A proposta (PL 6483/25), de autoria do deputado Lucas Abrahao, cria a Política Nacional de Milhas Públicas e estabelece que os pontos gerados em viagens oficiais deixem de ser utilizados individualmente e passem a integrar uma base pública.
Na justificativa, Lucas Abrahao afirma que hoje essas milhas “acabam sendo apropriadas individualmente ou desperdiçadas, sem retorno à coletividade”.
Milhas passam a ser vinculadas ao poder público
Pelo texto, as milhas geradas em passagens pagas com dinheiro público pertencem ao ente federativo responsável pela despesa — União, estados ou municípios. Cada um ficará encarregado de gerir e utilizar esse saldo.
Os pontos deverão ser concentrados em uma plataforma digital pública, com controle unificado, auditoria e rastreabilidade. O projeto também determina que companhias aéreas e programas de fidelidade façam a transferência automática dessas milhas para as contas institucionais.
O uso por pessoas físicas ou empresas fica proibido quando a passagem tiver sido paga com recursos públicos.
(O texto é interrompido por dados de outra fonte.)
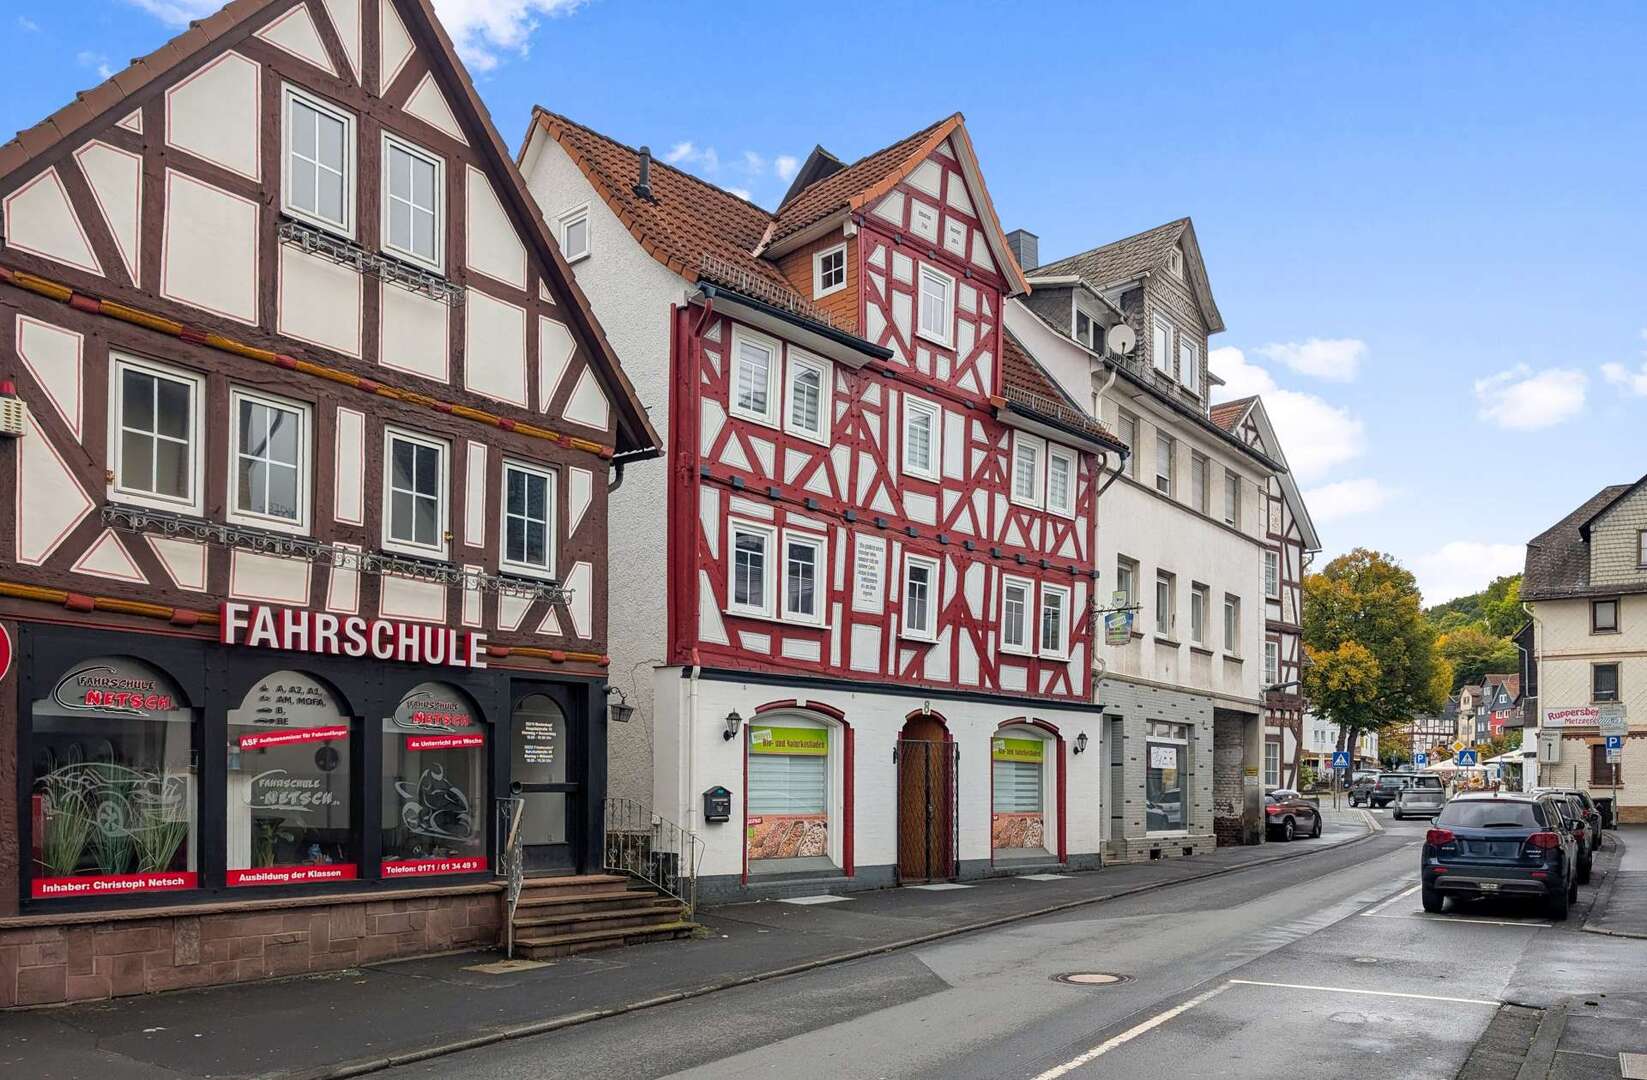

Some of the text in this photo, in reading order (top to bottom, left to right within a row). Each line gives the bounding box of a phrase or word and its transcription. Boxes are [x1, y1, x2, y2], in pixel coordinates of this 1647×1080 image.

Destino será limitado a fins educacionais e esportivos
O texto define que as milhas só poderão ser usadas para emissão de passagens destinadas a quatro grupos:
- jovens atletas em competições reconhecidas por federações esportivas oficiais;
- estudantes e atletas do ensino superior em competições universitárias, estágios, congressos e eventos científicos;
- jovens pesquisadores e bolsistas de iniciação científica, extensão, mestrado ou doutorado;
- participantes de programas de desporto escolar e estudantil reconhecidos pelo Ministério do Esporte.
A proposta veda a conversão dos pontos e milhas em dinheiro ou qualquer tipo de benefício individual, comercial ou promocional.
Penalidades e tramitação
Em caso de descumprimento dos requisitos, o projeto prevê advertência, multas e até suspensão temporária de participação no sistema público de fidelidade. Também há previsão de responsabilização civil e penal em situações como uso indevido de recursos.
A proposta tramita em regime de urgência e ainda precisa ser aprovada pela Câmara e pelo Senado para entrar em vigor.
Leitura
O projeto tenta centralizar um ativo que hoje fica disperso entre diferentes órgãos e, em muitos casos, acaba sem uso padronizado. A mudança pode alterar a relação entre viagens oficiais e programas de fidelidade, criando um modelo de gestão pública para um benefício que tradicionalmente fica vinculado ao passageiro.